Transcribe every entry that follows exactly, omitting all pictures.

> _Provided data_:
Start of Block

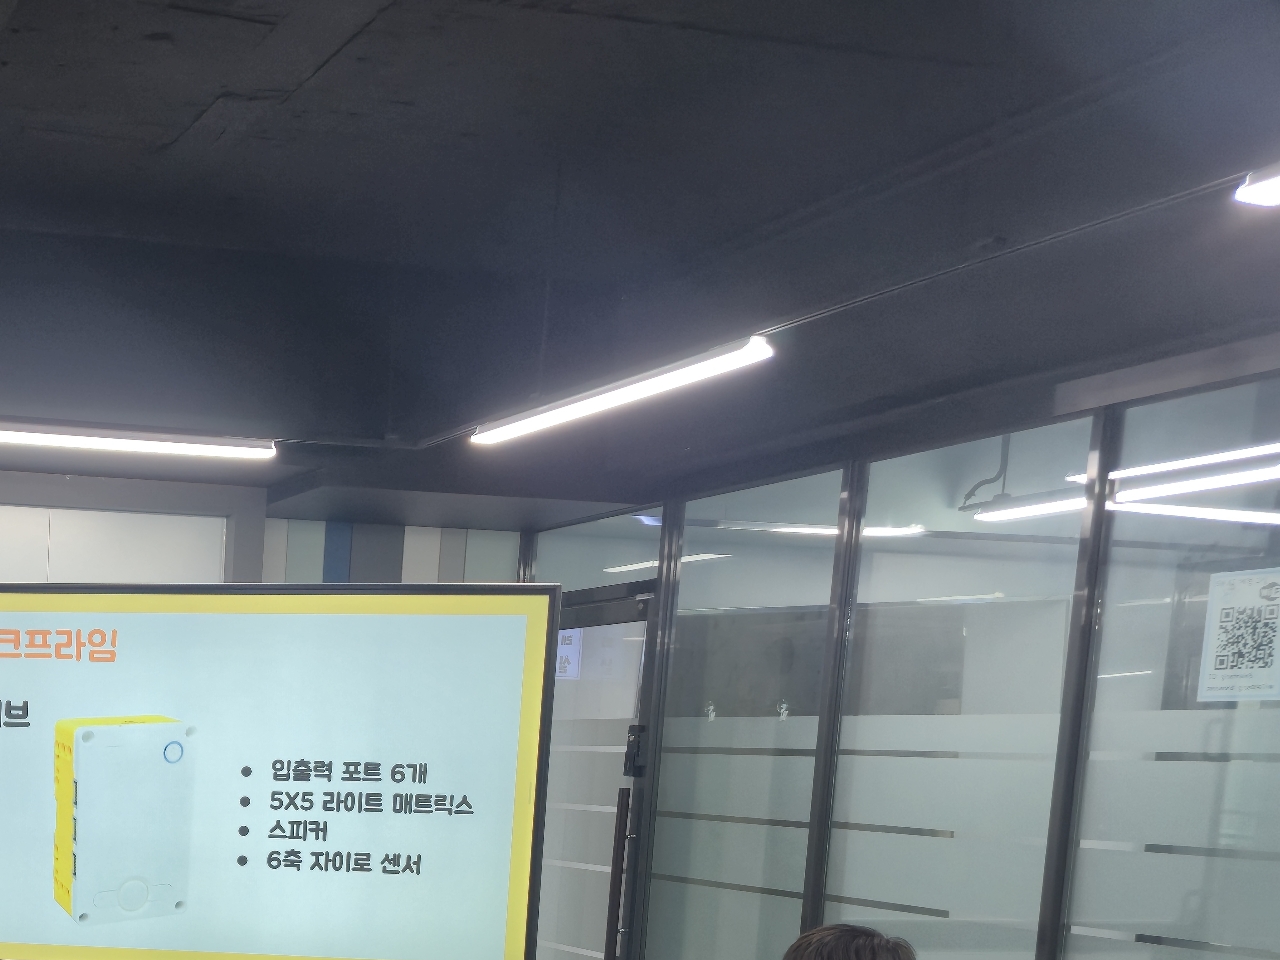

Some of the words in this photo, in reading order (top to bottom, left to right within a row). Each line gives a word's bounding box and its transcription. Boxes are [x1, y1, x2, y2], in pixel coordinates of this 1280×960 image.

[271, 759, 333, 783] 입출력
[341, 761, 382, 782] 포트
[390, 763, 428, 784] 6개
[269, 791, 314, 811] 5X5
[322, 791, 384, 813] 라이트
[392, 793, 474, 816] 매트릭스
[268, 820, 328, 842] 스피커
[266, 849, 303, 872] 6축
[310, 851, 373, 873] 자이로
[380, 853, 422, 876] 센서

End of Block

> _Result_:
Some of the words in this photo, in reading order (top to bottom, left to right within a row). Each line gives a word's bounding box and its transcription. Boxes are [x1, y1, x2, y2], in pixel coordinates of this 1280×960 image.

[271, 759, 333, 783] 입출력
[341, 761, 382, 782] 포트
[390, 763, 428, 784] 6개
[269, 791, 314, 811] 5X5
[322, 791, 384, 813] 라이트
[392, 793, 474, 816] 매트릭스
[268, 820, 328, 842] 스피커
[266, 849, 303, 872] 6축
[310, 851, 373, 873] 자이로
[380, 853, 422, 876] 센서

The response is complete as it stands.